Outrage is not Enough


Much has been written about the killing of Trayvon Martin last March. Since his tragic death, much more information has been revealed about George Zimmerman and Trayvon Martin and the “jury is still out” as to where the truth lies and what will happen to George Zimmerman.  There were cries of outrage through out the media. Trayvon Martin’s death sparked a national dialogue. We do not know Trayvon Martin’s role in his death. But that does not really matter. One more young, black man has died. We need to, once again, take this time to look at racism in our country.



The United States has an historic legacy of white supremacy and institutional racism. In her book, The New Jim Crow, Michelle Alexander addresses a society where the color of your skin quite often defines your treatment in the legal system. She states that "more African American men are in prison or jail, on probation or parole than were enslaved in 1850, before the Civil War began." She continues, “In some black inner-city communities, four of five black youth can expect to be caught up in the criminal justice system during their lifetimes. 70% return to prison within 2 years.”  


Sadly, racism remains part of our collective experience as Americans. The number of hate groups in the U.S. continues to grow, increasing from 1,002 in 2010 to 1,018 in 2011. This culture of hate, bred by generations of myth-based racist beliefs, is reflected in laws and policies passed in the United States. Although Arizona’s recent attempt to pass SB1070 was struck down in a Supreme Court ruling, the court upheld one provision that gives “law enforcement authority to investigate and question a person about their immigration status during a lawful stop if they have “reasonable suspicion” that the person is undocumented.” This interpretation leaves much room for one’s biases. Since the passage of that law, Alabama, Georgia, Indiana, South Carolina and Utah have passed similar laws.


WILPF envisions a transformed world at peace, where there is racial, social, and economic justice for all people. Addressing social injustice that both results from and causes ongoing cycles of violence, WILPF’s Building a Beloved Community issue committee works to inspire dialogue that reflects on the social and economic injustices rooted in race, class, gender, and other differences in U.S. society, and aims to create norms for establishing more just and peaceful societies. 


Understanding that institutional racism and hate continues to permeate all aspects of our society, we take this opportunity to reaffirm our commitment to building a Beloved Community. 


WILPF U.S. believes that Dr. Martin Luther King’s vision of Building a Beloved Community is necessary and attainable, but we as a predominantly white culture with unearned privileges need to understand how our racial biases cross all lines of decision-making and policy-creating.

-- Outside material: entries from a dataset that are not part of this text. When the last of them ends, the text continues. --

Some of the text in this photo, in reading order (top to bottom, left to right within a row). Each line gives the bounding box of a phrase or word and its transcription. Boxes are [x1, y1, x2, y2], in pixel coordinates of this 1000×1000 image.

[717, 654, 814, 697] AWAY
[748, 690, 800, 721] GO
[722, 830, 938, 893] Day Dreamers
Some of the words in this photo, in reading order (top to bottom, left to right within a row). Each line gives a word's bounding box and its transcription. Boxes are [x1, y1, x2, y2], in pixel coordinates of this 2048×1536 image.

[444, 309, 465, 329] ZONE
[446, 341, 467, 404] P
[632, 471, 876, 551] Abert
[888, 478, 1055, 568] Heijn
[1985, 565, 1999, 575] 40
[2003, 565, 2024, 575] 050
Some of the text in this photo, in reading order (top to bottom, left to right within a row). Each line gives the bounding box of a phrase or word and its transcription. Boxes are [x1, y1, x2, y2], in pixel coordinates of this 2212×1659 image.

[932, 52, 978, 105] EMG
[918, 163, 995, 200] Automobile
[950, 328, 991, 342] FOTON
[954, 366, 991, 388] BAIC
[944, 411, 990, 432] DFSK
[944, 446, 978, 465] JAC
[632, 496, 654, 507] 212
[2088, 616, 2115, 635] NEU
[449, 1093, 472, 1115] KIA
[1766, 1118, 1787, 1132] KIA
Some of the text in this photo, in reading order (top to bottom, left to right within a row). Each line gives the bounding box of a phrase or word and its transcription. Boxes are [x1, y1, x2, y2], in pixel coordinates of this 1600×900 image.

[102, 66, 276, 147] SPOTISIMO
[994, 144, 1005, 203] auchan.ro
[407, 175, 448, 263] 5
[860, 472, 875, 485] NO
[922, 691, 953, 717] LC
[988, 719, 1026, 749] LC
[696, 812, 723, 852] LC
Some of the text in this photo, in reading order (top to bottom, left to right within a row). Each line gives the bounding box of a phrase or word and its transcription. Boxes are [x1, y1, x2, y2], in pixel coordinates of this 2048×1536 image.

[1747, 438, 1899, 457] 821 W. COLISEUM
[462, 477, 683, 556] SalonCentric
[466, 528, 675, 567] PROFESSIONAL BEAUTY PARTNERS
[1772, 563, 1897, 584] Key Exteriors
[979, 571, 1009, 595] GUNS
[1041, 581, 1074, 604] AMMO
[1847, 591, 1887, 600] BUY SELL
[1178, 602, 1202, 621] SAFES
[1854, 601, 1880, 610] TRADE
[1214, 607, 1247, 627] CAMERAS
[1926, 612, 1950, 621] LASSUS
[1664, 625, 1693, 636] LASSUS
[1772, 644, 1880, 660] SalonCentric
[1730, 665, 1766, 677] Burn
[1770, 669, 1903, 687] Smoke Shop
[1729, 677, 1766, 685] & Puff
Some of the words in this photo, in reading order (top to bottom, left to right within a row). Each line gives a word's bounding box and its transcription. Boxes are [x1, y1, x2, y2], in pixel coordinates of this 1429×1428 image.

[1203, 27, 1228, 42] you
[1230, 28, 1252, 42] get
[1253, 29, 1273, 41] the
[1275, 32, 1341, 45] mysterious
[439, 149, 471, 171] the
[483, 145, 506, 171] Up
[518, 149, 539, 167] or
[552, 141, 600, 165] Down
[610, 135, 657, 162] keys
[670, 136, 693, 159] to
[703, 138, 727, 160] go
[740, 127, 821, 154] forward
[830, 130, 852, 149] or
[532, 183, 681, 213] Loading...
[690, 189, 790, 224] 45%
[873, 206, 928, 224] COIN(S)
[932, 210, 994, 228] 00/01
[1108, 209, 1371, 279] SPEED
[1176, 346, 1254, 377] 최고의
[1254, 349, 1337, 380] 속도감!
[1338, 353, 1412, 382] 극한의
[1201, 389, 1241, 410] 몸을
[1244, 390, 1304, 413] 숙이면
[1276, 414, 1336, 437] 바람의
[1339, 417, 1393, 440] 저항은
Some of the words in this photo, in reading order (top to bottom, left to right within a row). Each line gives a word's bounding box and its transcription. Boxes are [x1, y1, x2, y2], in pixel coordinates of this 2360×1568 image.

We now have the opportunity to examine our own communities and to ask ourselves, "Do we have underlying problems with racism? Does law enforcement treat all crimes equally? What are public attitudes towards people of color? Could it happen here, in my community?  This is the time to act for racial justice and be the eyes and voices of our communities, to be the community watch group that sees the subtle forms of racism and stops racism before it results in tragedy.